Проболтавшись почти два часа в воздухе, мы наконец-то вернули наших высоких товарищей в аэропорт Северный. Командующий дал команду не выключаться и лишь пожал экипажу руки, заглянув в кабину. У меня же пронеслась только одна мысль: «Ну и на этом спасибо, хоть не выпал по дороге!»

Через пятнадцать минут мы, уставшие и безмерно довольные, выходили из нашей боевой ласточки с осознанием того, что это – всё! Это последний полёт на этой войне!

Встреча дома и первые трудности

Мои однополчане уже встречали меня у нашей палатки, так сказать с хлебом-солью накрыв на ящике из-под НАРов богатый по нашим спартанским меркам «праздничный» стол.

Да когда же ты налетаешься, Борисыч? – разливая по рюмкам тёплый и крепкий напиток расплылся в широченной улыбке Юра Рубан.

Ладно ты, а мужиков-то за что? – оглянулся он на уставший, кивающий головами и улыбающийся экипаж.

Ладно! Я думаю, на сим закончим. Пора домой! – провел Юра рукой приглашая нас к столу.

После первой рюмки, наверное, сказалась вся накопившаяся двухмесячная усталость, а может быть, сознание наконец-то ощутило приближающееся радостное событие, связанное с отлётом домой, так что дальнейшие происходящие события отложились в моей перегруженной памяти, словно в тумане. Тот же долгий и муторный перелёт внутри забитого под завязку двухпалубника Ил-76. Короткие ночные остановки в Новосибирске, а затем уже на практически заброшенном приморском аэродроме Хвалынка, откуда нас забрал домой всё тот же трудяжка Ан-12. Короткий полуторачасовой ночной перелёт – и вот мы уже дома!

Ночной «Терек» нас встретил влажной и ароматной сентябрьской прохладой. Сверчки заполнили своими трелями всё аэродромное пространство, наверное тоже радуясь нашему возвращению. В ожидающие нас автобусы мы грузились уже практически в полузабытье. Улыбающееся руководство полка, встретившее нас на хабаровском аэродроме, загадочно молчало всю дорогу до родного гарнизона.
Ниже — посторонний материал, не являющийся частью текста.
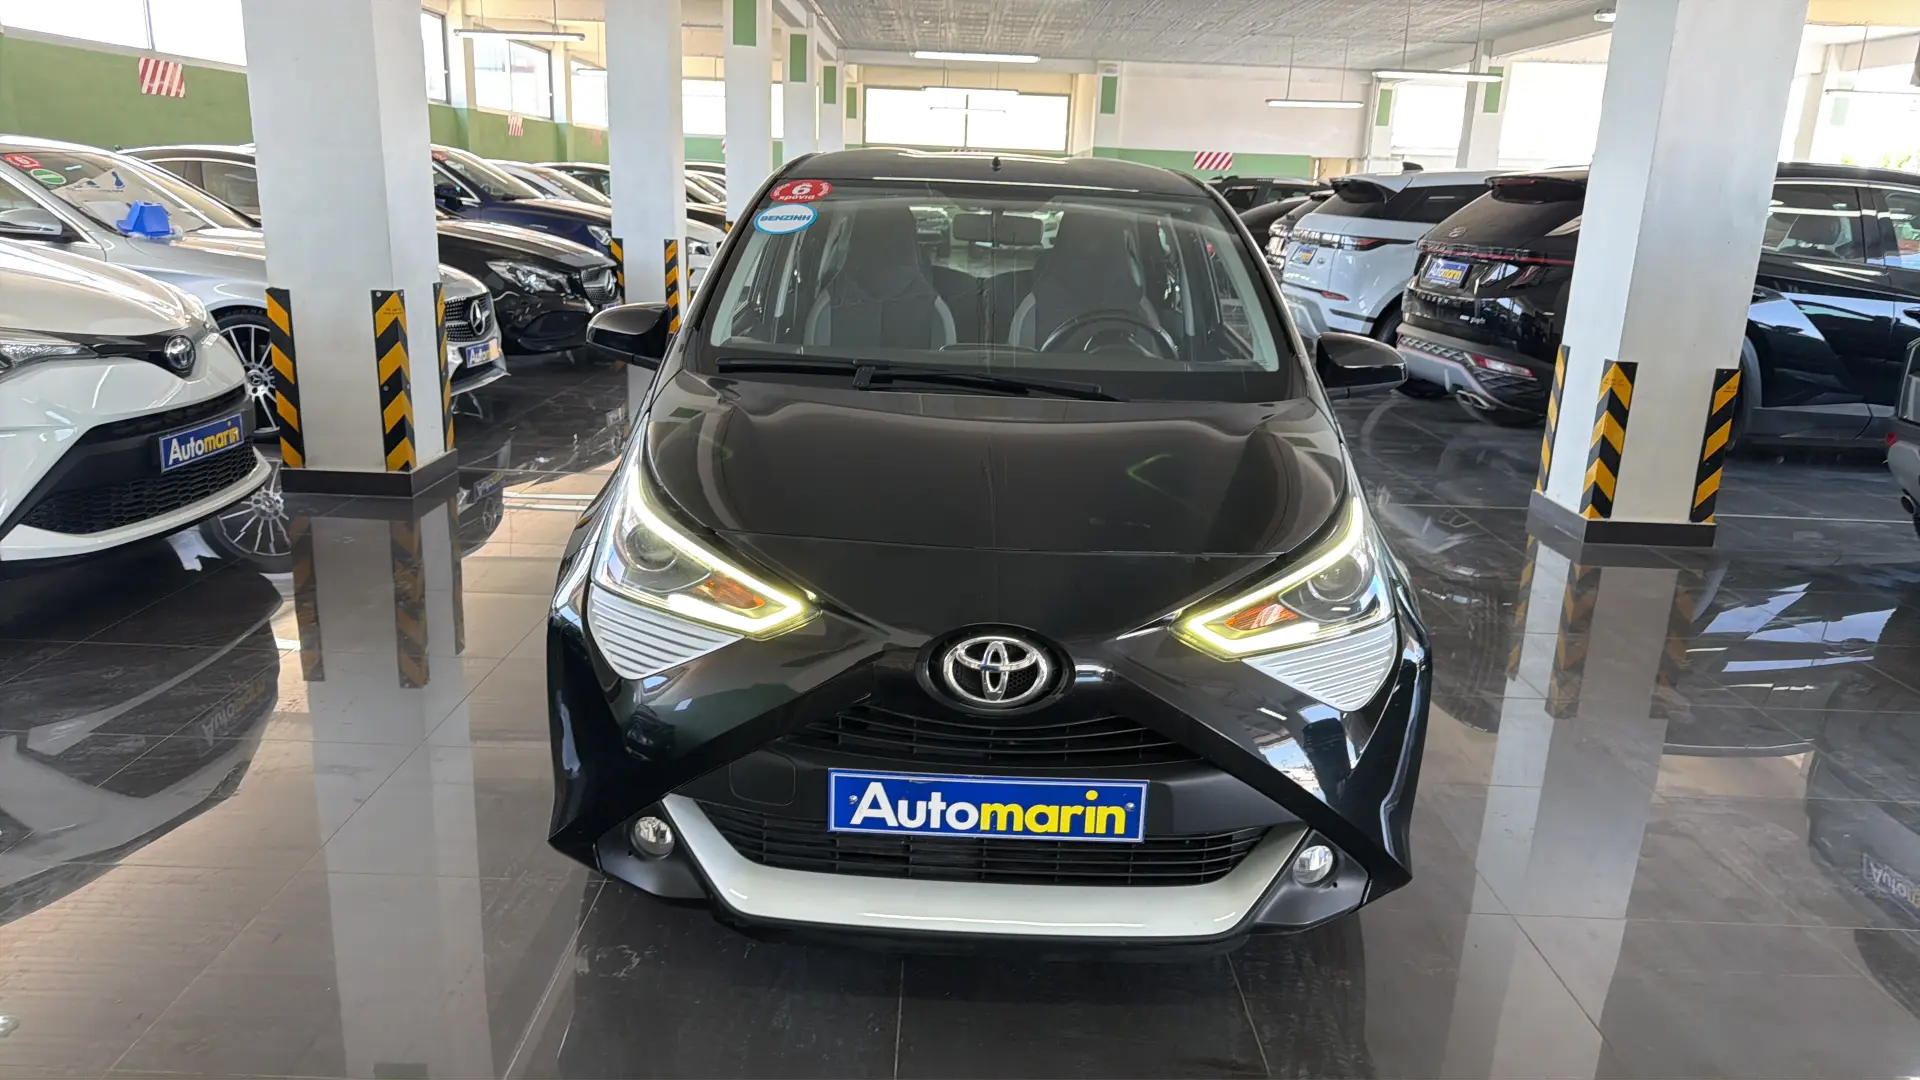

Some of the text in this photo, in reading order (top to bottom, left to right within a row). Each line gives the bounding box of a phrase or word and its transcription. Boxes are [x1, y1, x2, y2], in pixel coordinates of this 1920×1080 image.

[791, 183, 813, 195] 6
[168, 420, 240, 466] Automarin
[849, 780, 1127, 836] Automarin
В Гаровку мы въезжали уже далеко за полночь. Тёмная безлунная ночь скрыла от наших глаз родные дома, в редких окнах которых горел свет. Гарнизон спал. Автобусы, медленно подъехав к штабу полка, утомлённо фыркнув тормозными цилиндрами, затихли. Мы, устало поднявшись со своих кресел, двинулись к выходу. Яркий свет, резко вспыхнув, в мгновение ослепил наши глаза. Два авиационных посадочных прожектора осветили всю территорию плаца. Громкий праздничный марш, вырвавшийся из стоящих у стены штаба колонок, заполнил всё пространство вокруг, на мгновения оглушив нас.

Вся прилегающая к плацу территория была заполнена женщинами, детьми, людьми в форме. Мы, пооткрывав рты, стояли в оцепенении! Нас встречал весь гарнизон!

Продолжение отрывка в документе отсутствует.